◆ **TASK INSTRUCTIONS**
A faithful copy of the entries, without any pictures, is what is needed here.

◆ **MATERIAL TO PROCESS**
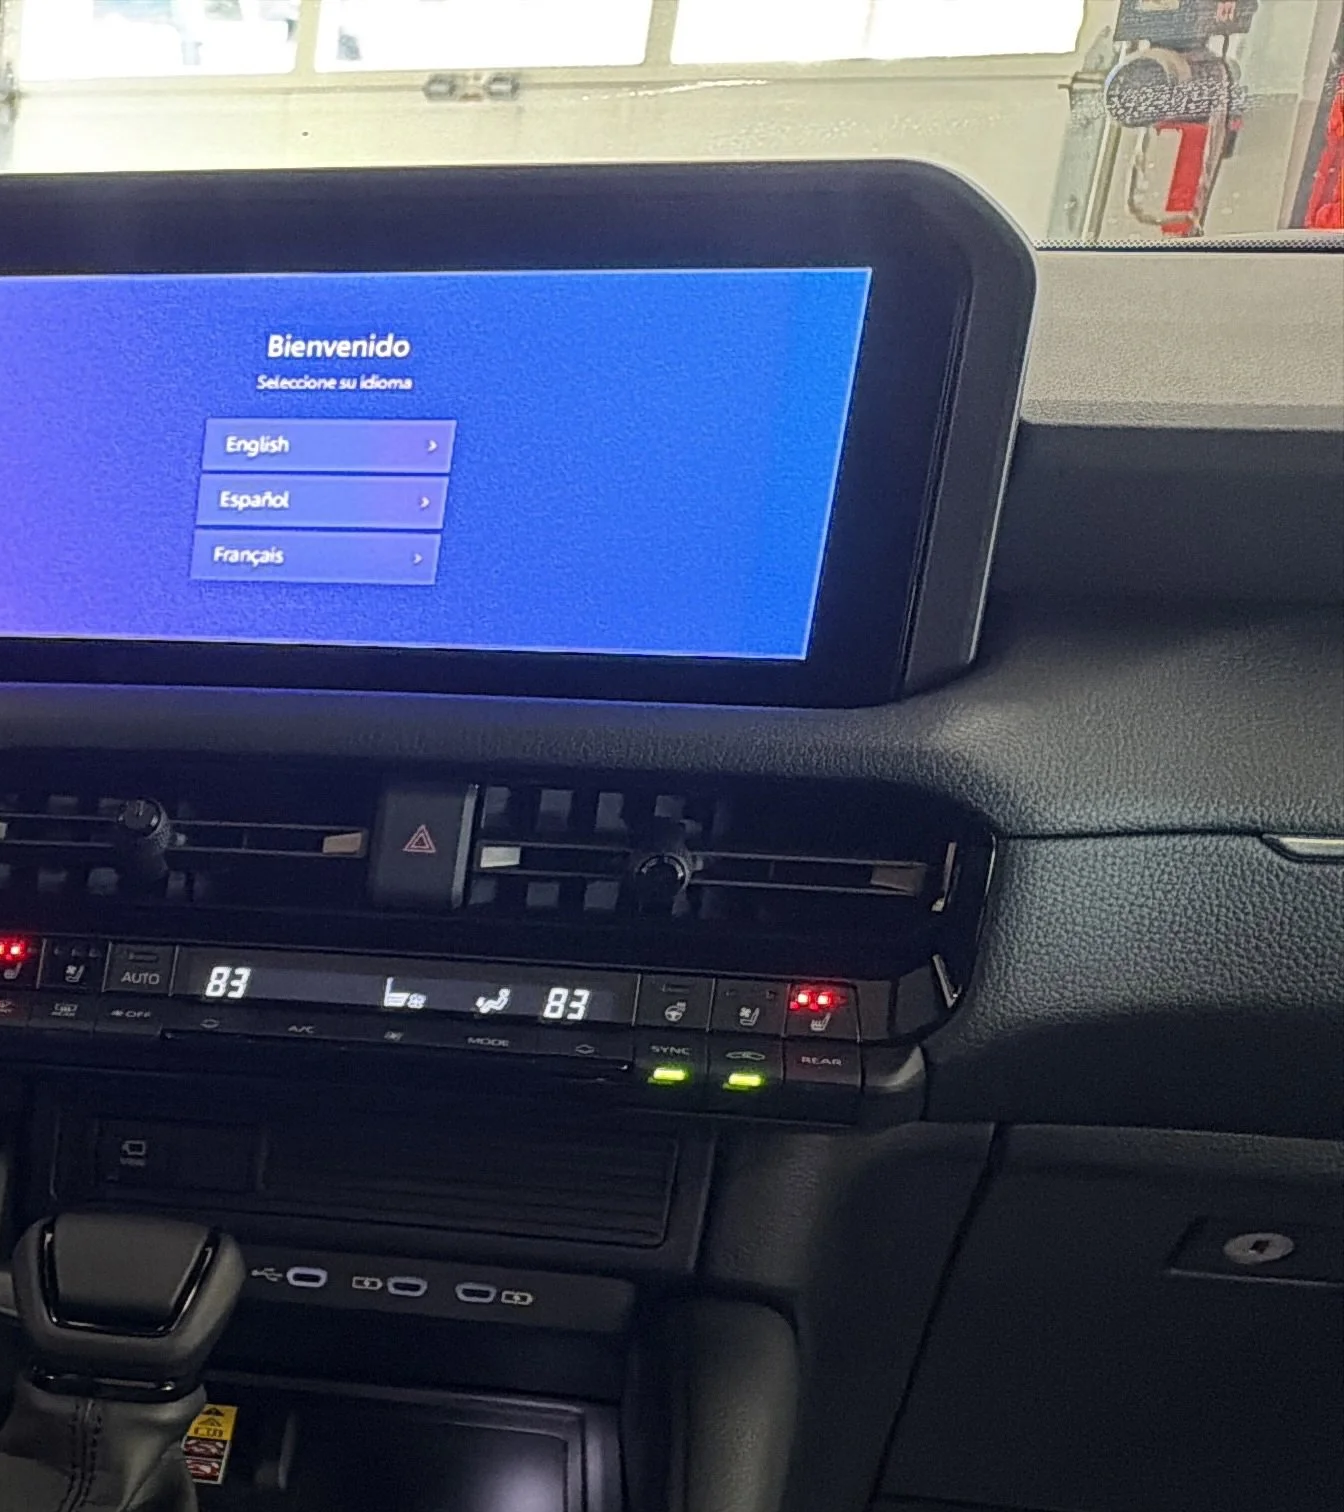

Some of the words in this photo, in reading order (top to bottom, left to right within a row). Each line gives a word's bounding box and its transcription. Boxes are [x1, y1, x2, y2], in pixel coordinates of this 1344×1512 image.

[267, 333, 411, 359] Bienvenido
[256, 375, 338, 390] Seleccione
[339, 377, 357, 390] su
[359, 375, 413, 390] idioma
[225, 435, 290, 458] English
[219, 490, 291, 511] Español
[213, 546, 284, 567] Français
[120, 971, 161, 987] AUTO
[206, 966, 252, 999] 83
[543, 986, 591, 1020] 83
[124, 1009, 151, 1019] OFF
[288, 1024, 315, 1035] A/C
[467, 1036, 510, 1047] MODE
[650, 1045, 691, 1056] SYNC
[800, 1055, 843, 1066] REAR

◆ **SOLUTION FOR THIS TASK**
Some of the words in this photo, in reading order (top to bottom, left to right within a row). Each line gives a word's bounding box and its transcription. Boxes are [x1, y1, x2, y2], in pixel coordinates of this 1344×1512 image.

[267, 333, 411, 359] Bienvenido
[256, 375, 338, 390] Seleccione
[339, 377, 357, 390] su
[359, 375, 413, 390] idioma
[225, 435, 290, 458] English
[219, 490, 291, 511] Español
[213, 546, 284, 567] Français
[120, 971, 161, 987] AUTO
[206, 966, 252, 999] 83
[543, 986, 591, 1020] 83
[124, 1009, 151, 1019] OFF
[288, 1024, 315, 1035] A/C
[467, 1036, 510, 1047] MODE
[650, 1045, 691, 1056] SYNC
[800, 1055, 843, 1066] REAR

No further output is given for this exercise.